Und genau hier ist die Stelle, wo es Mitgefühl braucht, aber eben auch
Selbstmitgefühl. Die Schreie der Welt tagein, tagaus mit offenen Ohren und offenem
Herzen zu hören, das ist nicht leicht. Der Buddha war weise, deshalb stellte er dem
Mitgefühl drei weitere an die Seite: liebende Güte, Gleichmut und, für mich das
Wichtigste: Mitfreude. Ohne Freude im Leben und bei der Arbeit kann man nicht
mitfühlend sein. Ich fand einen schönen Vergleich bei einer psychoanalytischen
Kollegin vom William Allison White Institut in New York, Sandra Buechler: Die
Analytikerin müsse es halten wie eine Mutter im Flugzeug, erst müsse sie selbst die
Sauerstoffmaske anlegen, und dann dem Kind. Wir sollten viel tun, dass wir Freude
im Leben, in der Therapie und am Leben haben. Ich stelle mir Mitgefühl als den
tragenden Grund vor und Freude als den Sauerstoff der Arzt-Patient Beziehung.

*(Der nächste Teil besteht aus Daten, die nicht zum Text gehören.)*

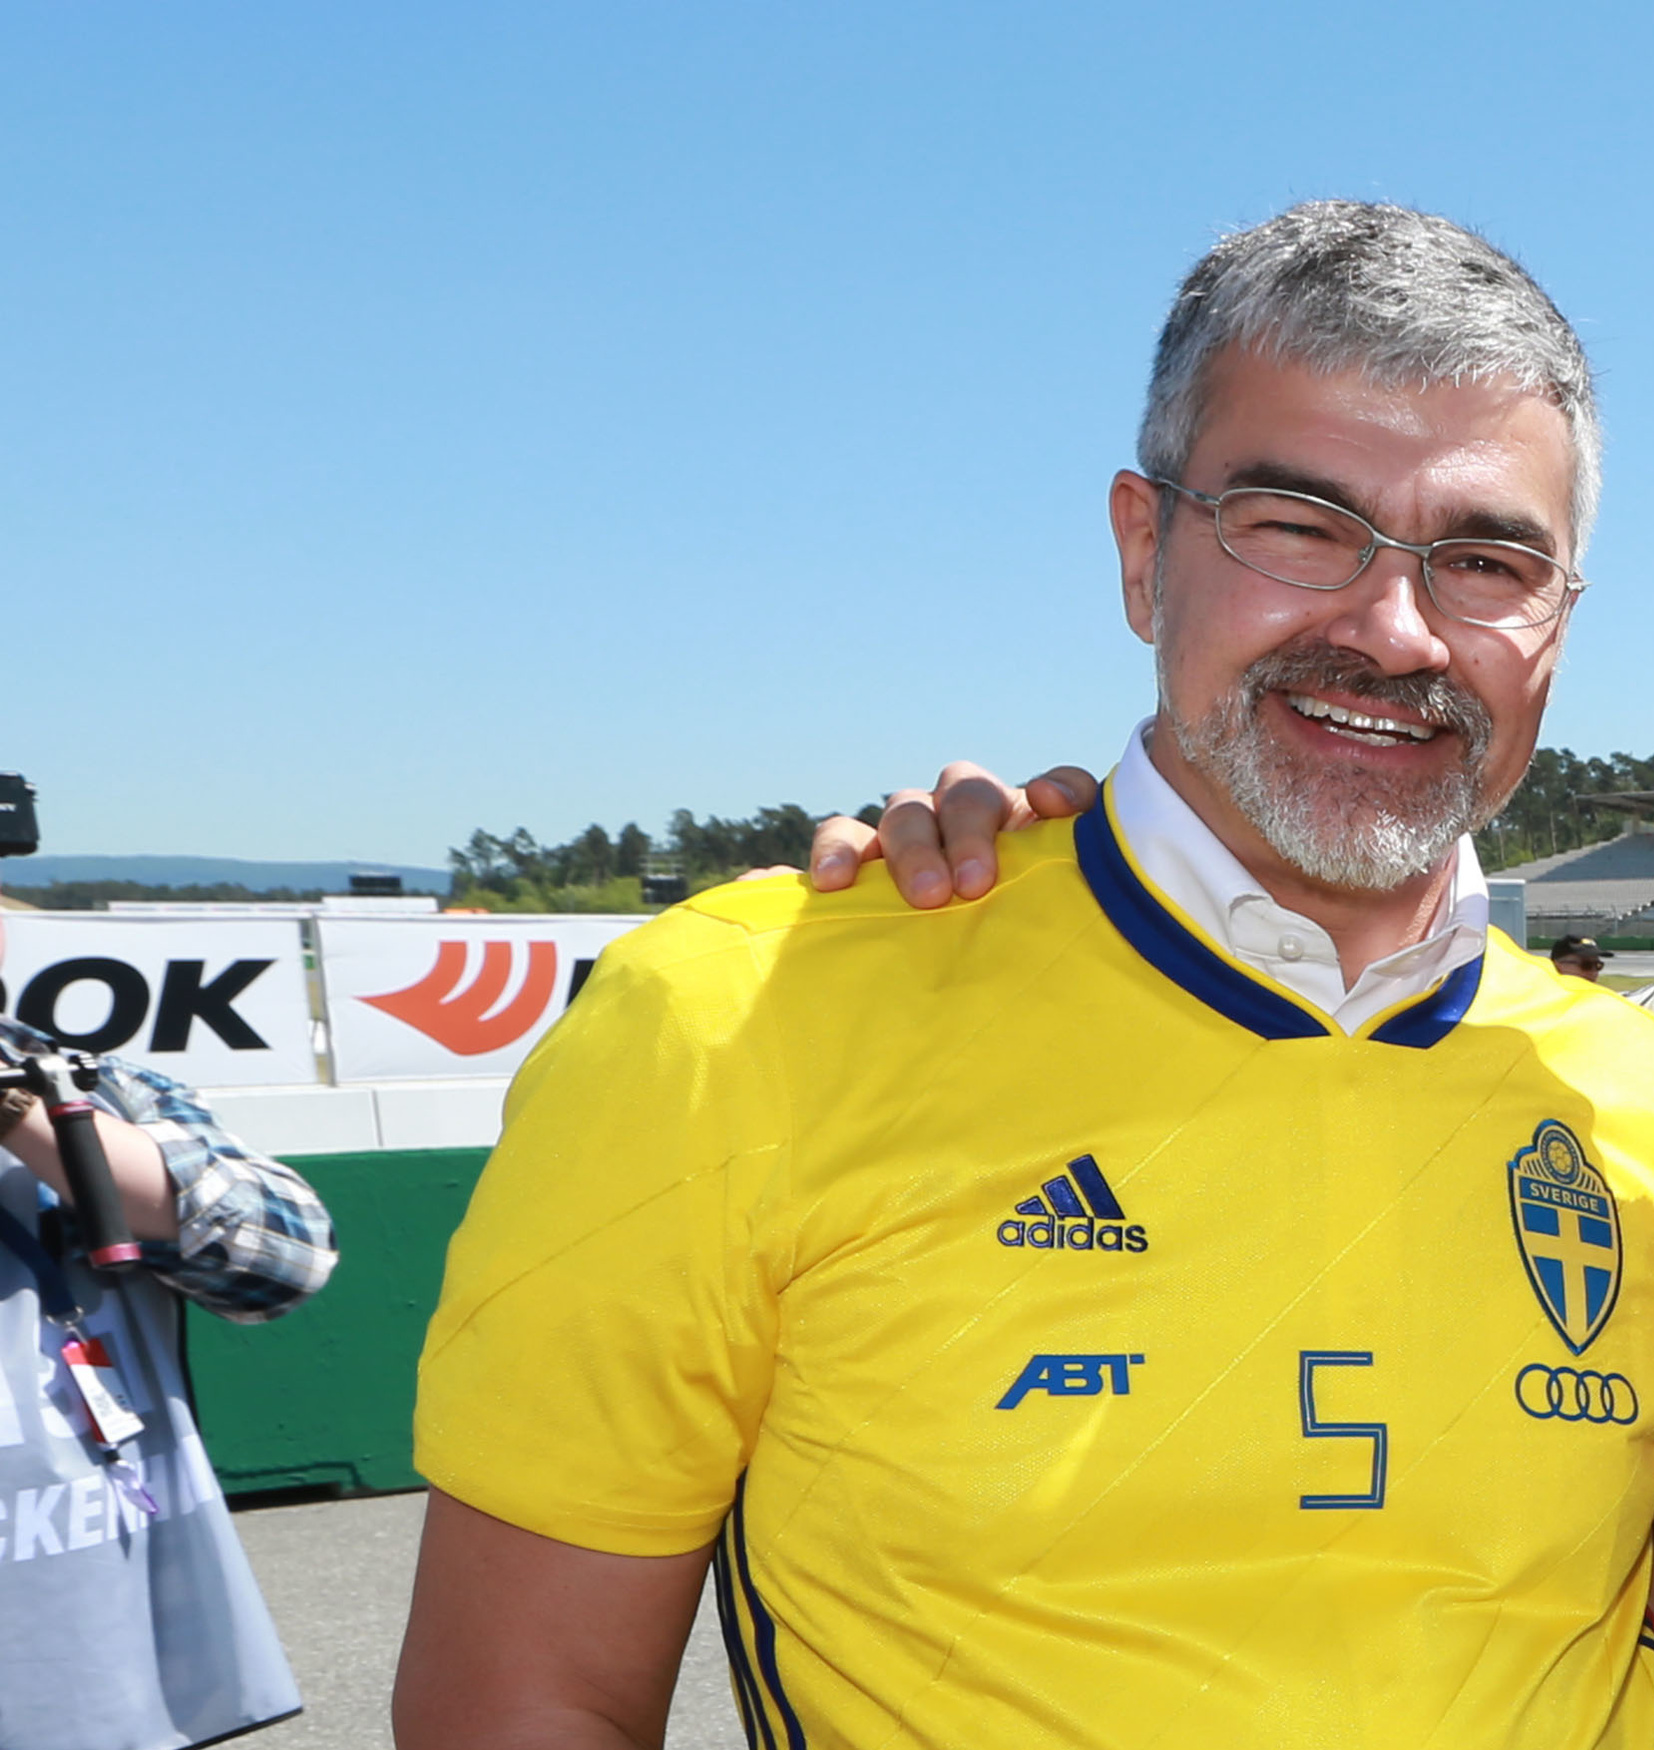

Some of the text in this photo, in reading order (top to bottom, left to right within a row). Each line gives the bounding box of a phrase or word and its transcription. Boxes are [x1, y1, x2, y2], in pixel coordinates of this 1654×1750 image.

Ich möchte daher auch einen Weg des Sichfreuens empfehlen sowie der
Dankbarkeit. Ich bin mir ziemlich sicher, dass es dann leichter fällt, mitfühlend zu
sein, und das mag unsere Fähigkeit zu hoffen ermöglichen und diese wiederum an
unsere PatientInnen zu vermitteln.
Aus der Sicht von Patienten sind die meisten positiven Veränderungen im
Therapieprozess weder durch strategische Interventionen noch durch kluge
Deutungen des Therapeuten zustande gekommen, sondern durch Momente der
Begegnung. Aus meiner Sicht gibt es eine Chance, solche Momente zu
unterstützen, das ist eine achtsame und mitfühlende Haltung. Wenn man
Achtsamkeit aber als eine neue Technik verwendet, ist damit wenig gewonnen. Dann
hat die Seele wieder keinen Platz, weil es das Herz nicht hat. Was wir brauchen ist
mehr Mut, uns auf die angeblich unspezifischen Faktoren einzulassen, sie sind
möglicherweise viel spezifischer als uns die Forschung bisher sagen konnte. Der/die
achtsame und mitfühlende Therapeut/Therapeutin ist gefragt, und ich bin mir sicher,
dass alle hier das bereits sind. Wir müssten nur ein bisschen mehr öffentlich dazu
stehen.
Ich danke Ihnen für Ihre Aufmerksamkeit.